As in the earlier novels, brief extracts from the official journals of James Cook during his second world voyage are occasionally quoted to illustrate the navigator’s keen observance of sea and weather conditions and his prose style. I selected these extracts from The Voyage of the Resolution and Adventure 1772-1775 and The Voyage of the Resolution and Discovery 1776–1780, both edited by JC Beaglehole (Cambridge University Press, published for the Hakluyt Society, 1959) and The Journals of Captain James Cook on his Voyages of Discovery, edited from the original manuscripts by JC Beaglehole (Cambridge University Press, published for the Hakluyt Society, 1967). I am grateful to the Hakluyt Society for their permission to quote from Cook’s journals.

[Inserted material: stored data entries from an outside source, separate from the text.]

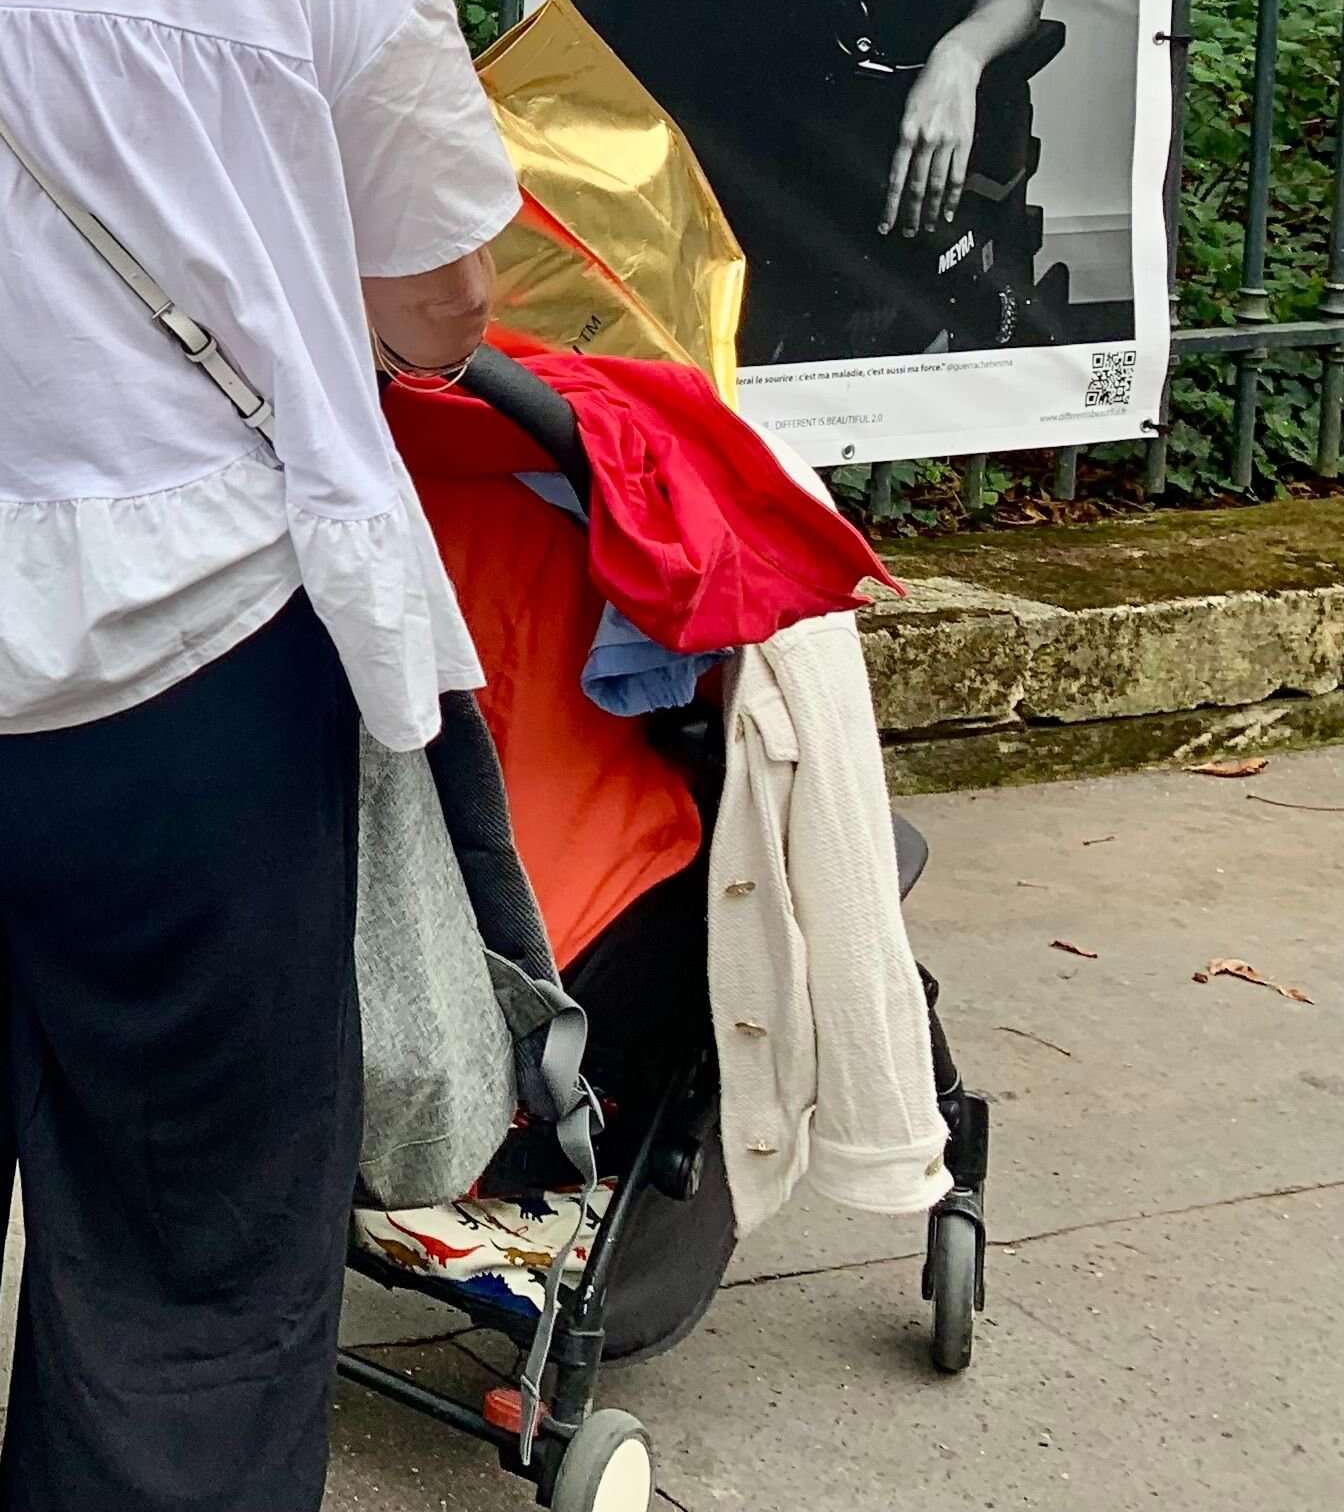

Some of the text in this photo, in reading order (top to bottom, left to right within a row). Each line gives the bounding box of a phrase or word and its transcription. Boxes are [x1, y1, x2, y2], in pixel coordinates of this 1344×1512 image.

[938, 230, 975, 275] MEYRA
[578, 314, 603, 342] TM
[755, 375, 763, 384] le
[764, 374, 793, 384] sourire
[799, 373, 816, 382] c'est
[818, 372, 830, 380] ma
[867, 367, 884, 377] c'est
[886, 365, 905, 375] aussi
[775, 417, 817, 430] DIFFERENT
[818, 417, 825, 426] IS
[826, 415, 870, 425] BEAUTIFUL
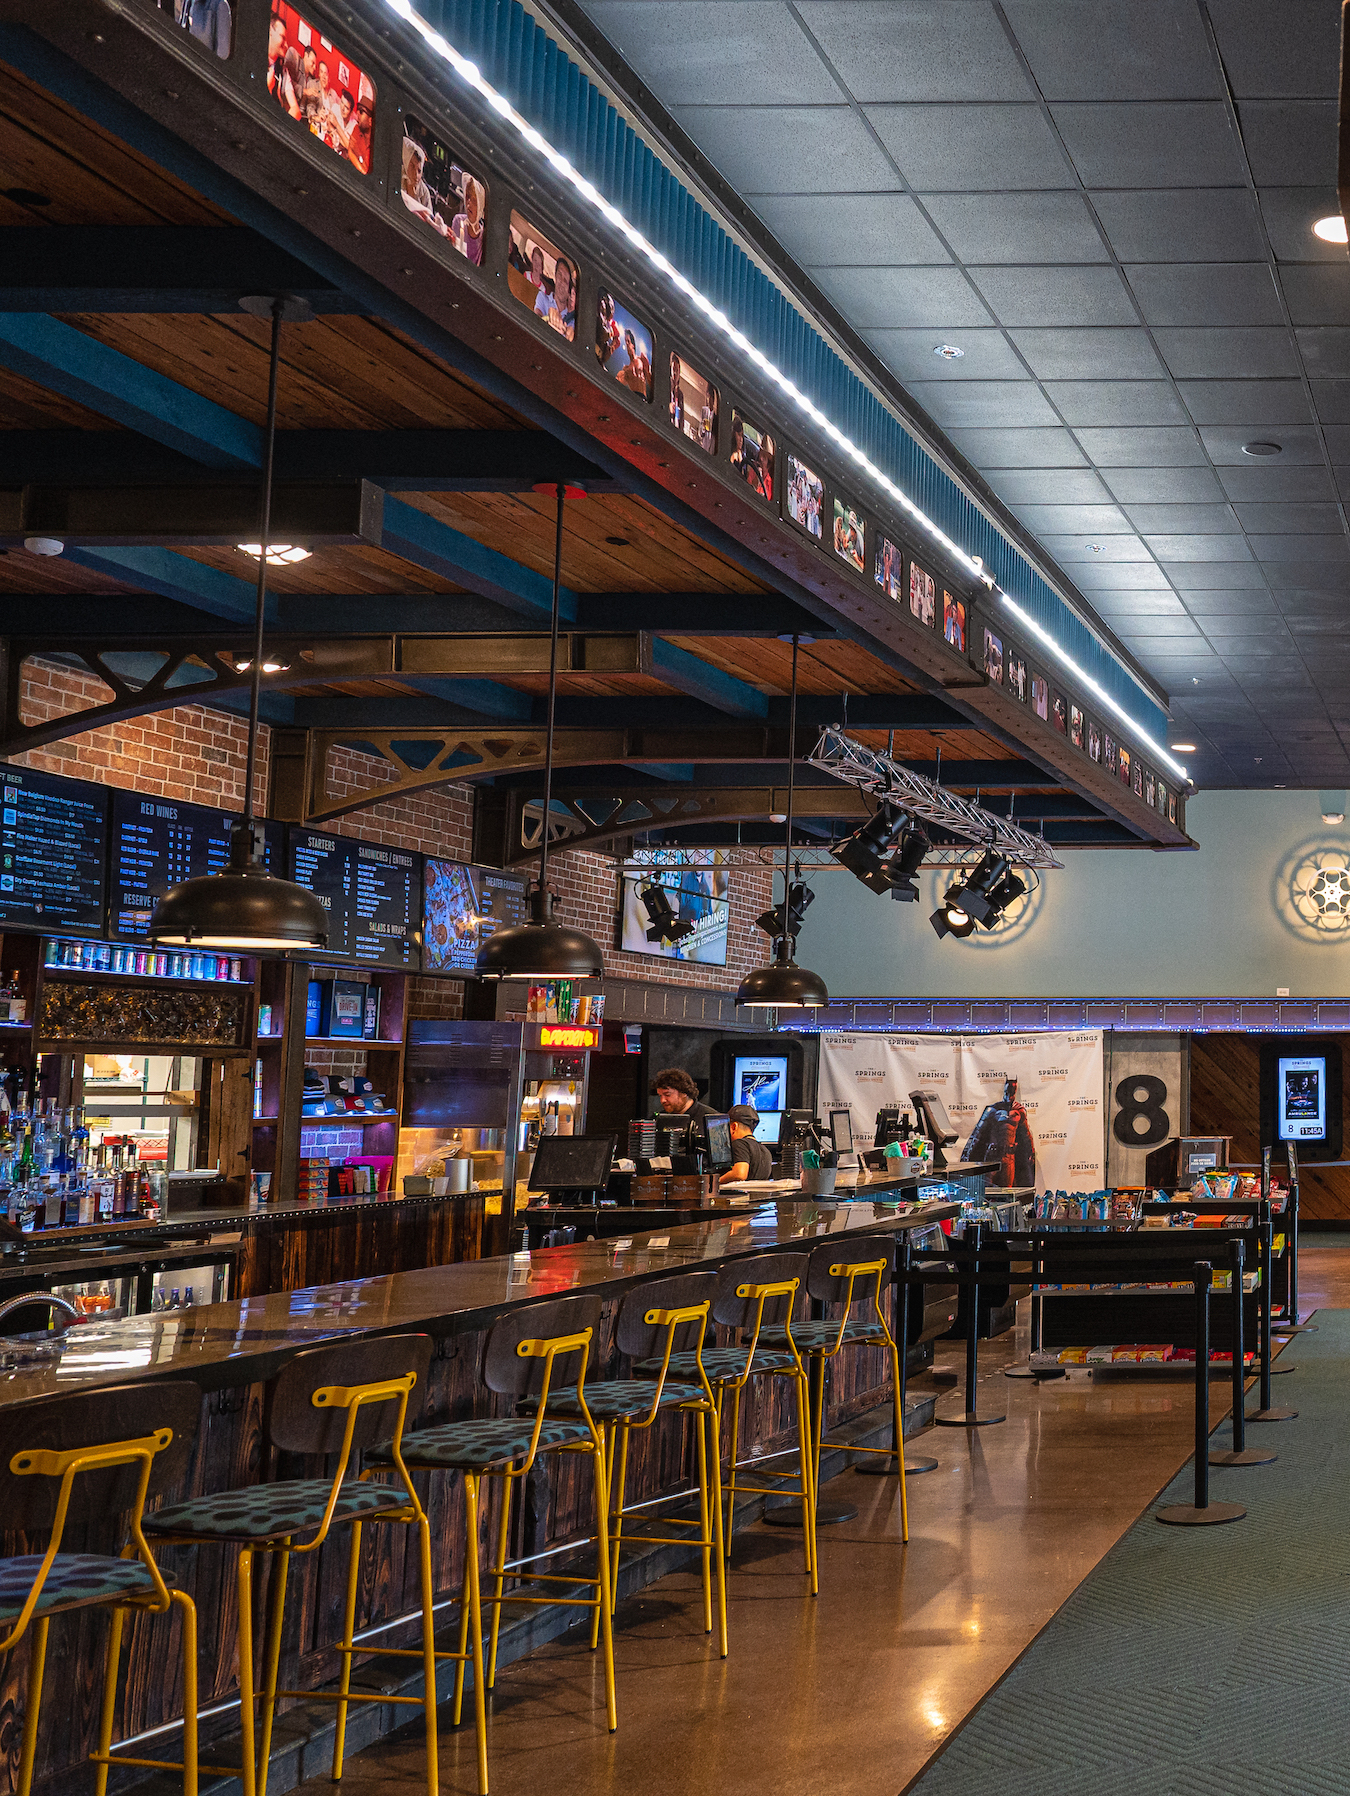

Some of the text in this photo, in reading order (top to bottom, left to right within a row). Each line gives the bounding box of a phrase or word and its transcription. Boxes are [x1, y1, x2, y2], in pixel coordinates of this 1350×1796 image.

A number of people were extremely supportive of the project and provided expert advice whenever I needed it. These included Ian Boreham of the Captain Cook Society, Ipswich, and maritime novelist Joan Druett of Wellington. My editor, Stephen Stratford, carried out his work with characteristic rigour and meticulousness. HarperCollins’s New Zealand publisher, Finlay Macdonald, was extremely encouraging throughout all stages of the project and Sandra Noakes, HarperCollins’s publicist in Auckland, drew on her extensive range of contacts to ensure that no one in the media was unaware of the novels’ presence. I am again deeply grateful to my literary agent, Linda Cassells, whose sound judgment and publishing experience in New Zealand and overseas were invaluable. Darragh Walshe of Hawaii Tourism Oceania in Auckland put me in contact with Hawaiian historical experts De Soto Brown at the Bishop Museum in Honolulu and Boyd Bond on Hawaii’s ‘Big Island’. The knowledge of both these experts was extremely helpful while I was researching James Cook’s time in the Sandwich Isles–Hawaii.
Finally, sincere thanks to my wife, Gillian. James and Elizabeth Cook have been a constant presence in our household for more than five years, and throughout that time Gillian’s wise counsel has been of inestimable assistance to the entire project.